December 9, 2014

Eat this.

It's not actually ten dollars anywhere. The grocery near my house has it for less than four. But whatever. It's great. The first coffee ice cream I've ever had that's worth a damn.

Also, there is an old dog napping on the floor by my bed, and that makes it very hard for me to get vertical. The tired permeates the room. She's 14 though, which is a better excuse than I have.

In ultrarunning, the rumor mill - confirmed, more or less, by athletes on twitter - says that the Pearl Izumi ultra team is dead, and that Dakota Jones is jumping from Montrail to Salomon. The latter makes all the sense in the world, the former, less so. Hopefully we hear something resembling a why.

December 8, 2014

These things are mostly for telling you I ran, yeah? So.

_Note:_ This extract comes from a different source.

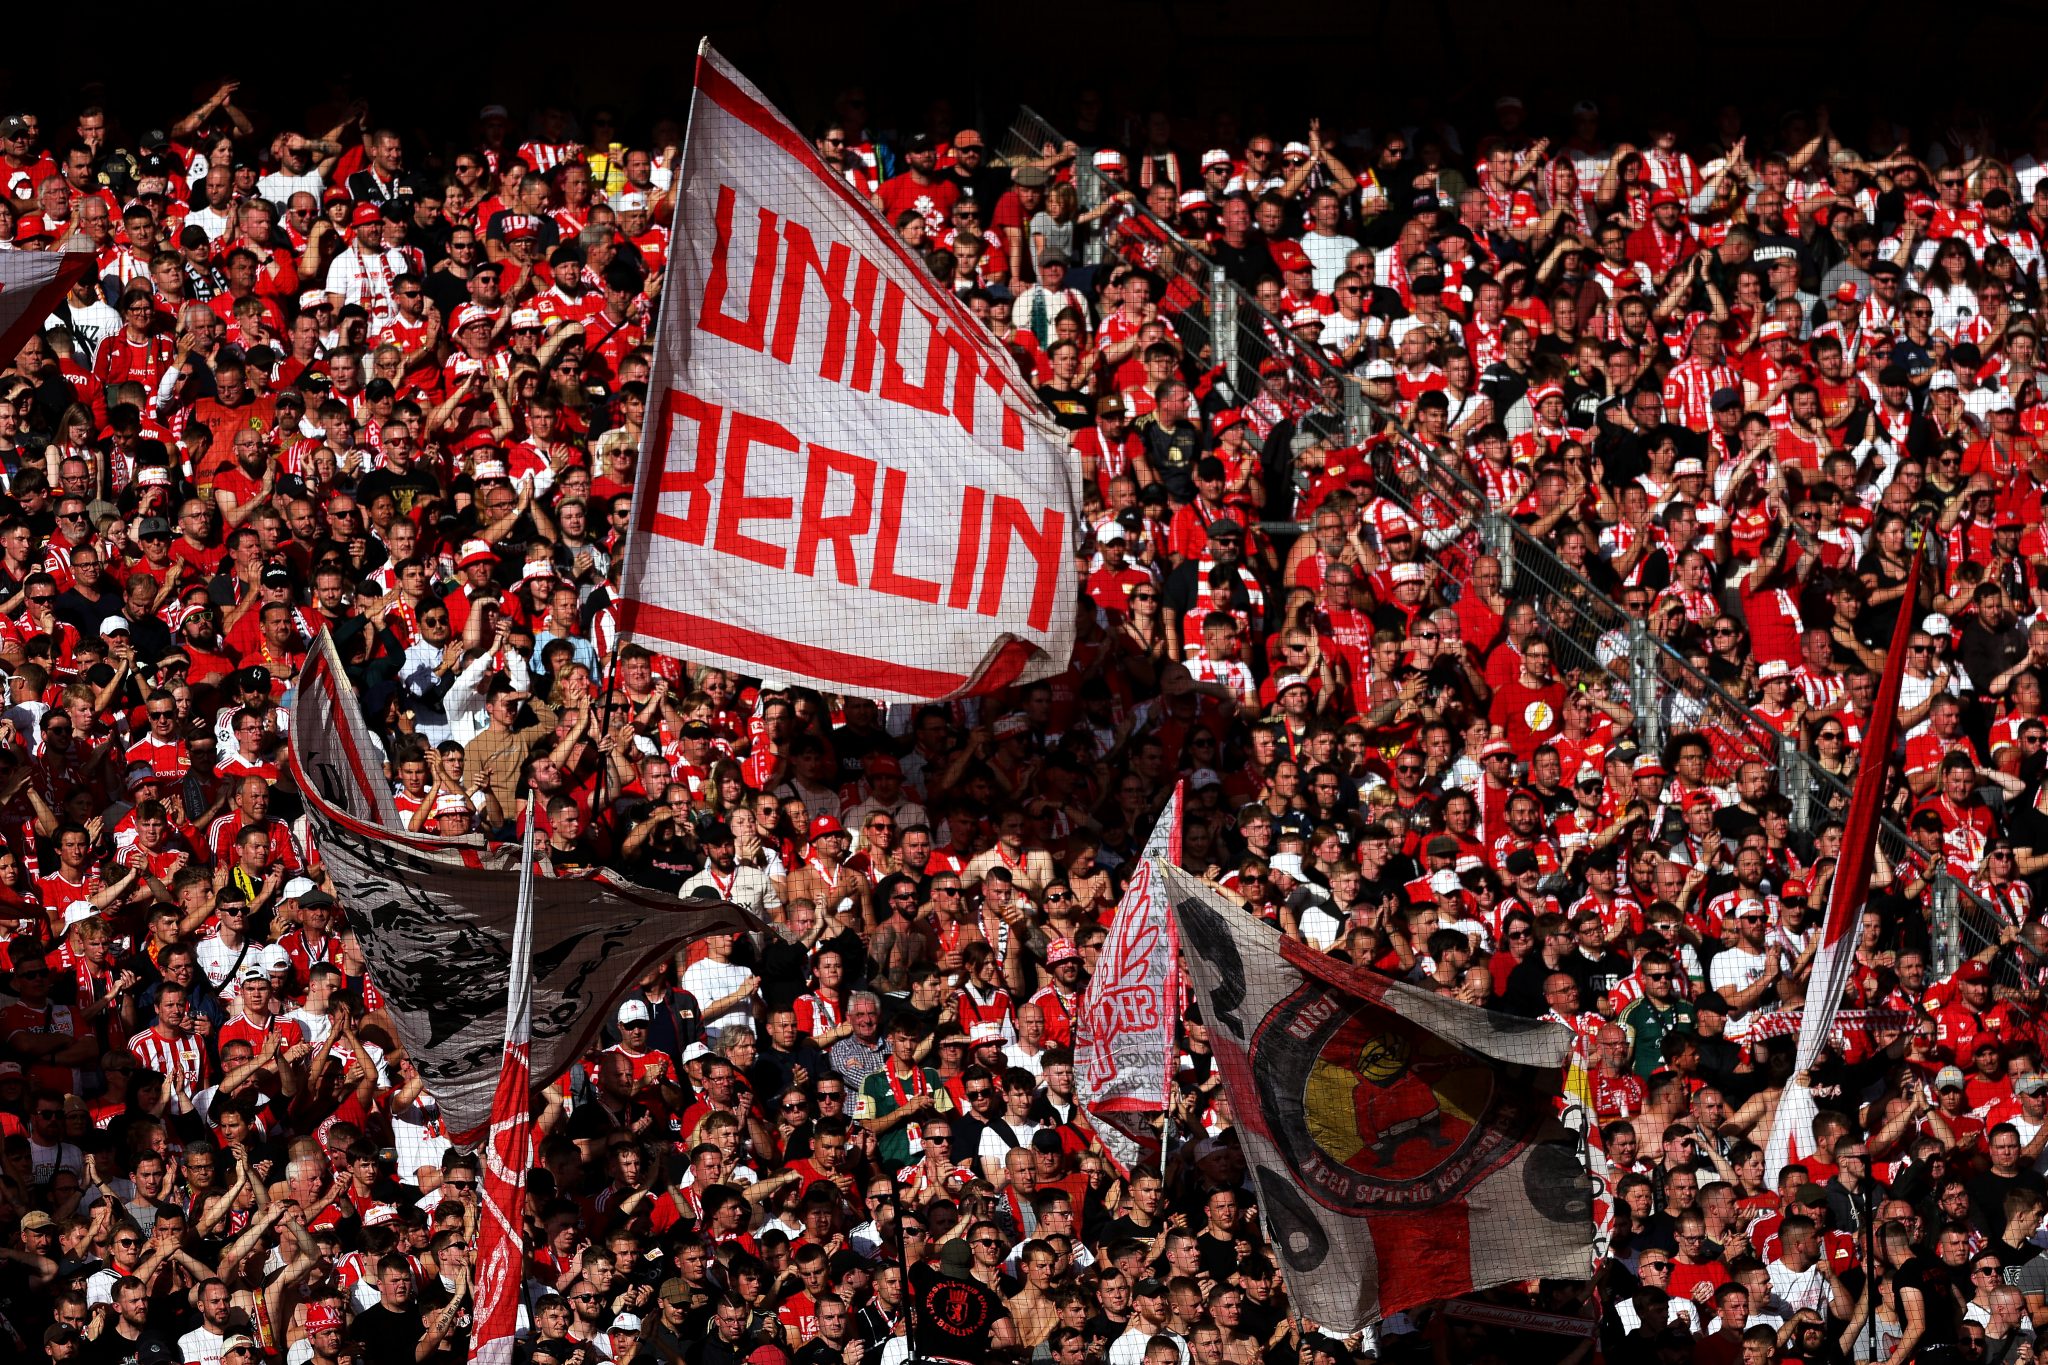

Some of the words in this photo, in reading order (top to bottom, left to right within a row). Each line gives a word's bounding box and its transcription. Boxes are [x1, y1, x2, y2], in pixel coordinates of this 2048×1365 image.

In the spirit of telling you that I ran today - which I did do - I'm going to tell you that I did a fair bit of upper body specific weight lifting. That probably stands out a bit, mostly because I haven't mentioned doing so here - I don't think - and because, this having morphed mostly into a running hobbyist blog, weightlifting seems an incongruous subject.

Or more specifically, the things I did - barbell rows, dips, bench, pulldowns, etc. - are not specific to running. And that specificity is of course a lauded goal of all training. Weight lifting is good, but only to the extent that it better enables more running volume, and more running intensity. The more it approximates the biomechanics of the running motion, the better. Or something like that.

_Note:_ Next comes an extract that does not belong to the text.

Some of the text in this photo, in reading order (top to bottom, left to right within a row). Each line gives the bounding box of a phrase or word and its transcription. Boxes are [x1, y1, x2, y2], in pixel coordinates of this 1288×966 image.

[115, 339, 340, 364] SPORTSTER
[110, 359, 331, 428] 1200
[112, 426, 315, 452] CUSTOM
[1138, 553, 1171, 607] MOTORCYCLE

But let me present an alternate theory.

While most of America presently rests in the cold grasp of winter - well, it's winter everywhere, but I'm attempting a "writery" sentence, even if it sucks, which it pretty obviously does - there will soon come a time - it's getting worse - when that frigid air will disperse, and we'll welcome the warm embrace of spring, and then summer. Then, racing - and running in general - is often done done sans shirt, or sans sleeves, at least.

And so all of this can be called specific training for that, because if I'm going to run in the heat - and I am - and I'm going to (un)dress appropriately - and I am - then I'd rather not look like shit.

That is, if not a noble aspiration, certainly an understandable one for a young man who will by summer be 27, and catching glimpses of middle age on the horizon. I've never been the most secure person, even at the best of times.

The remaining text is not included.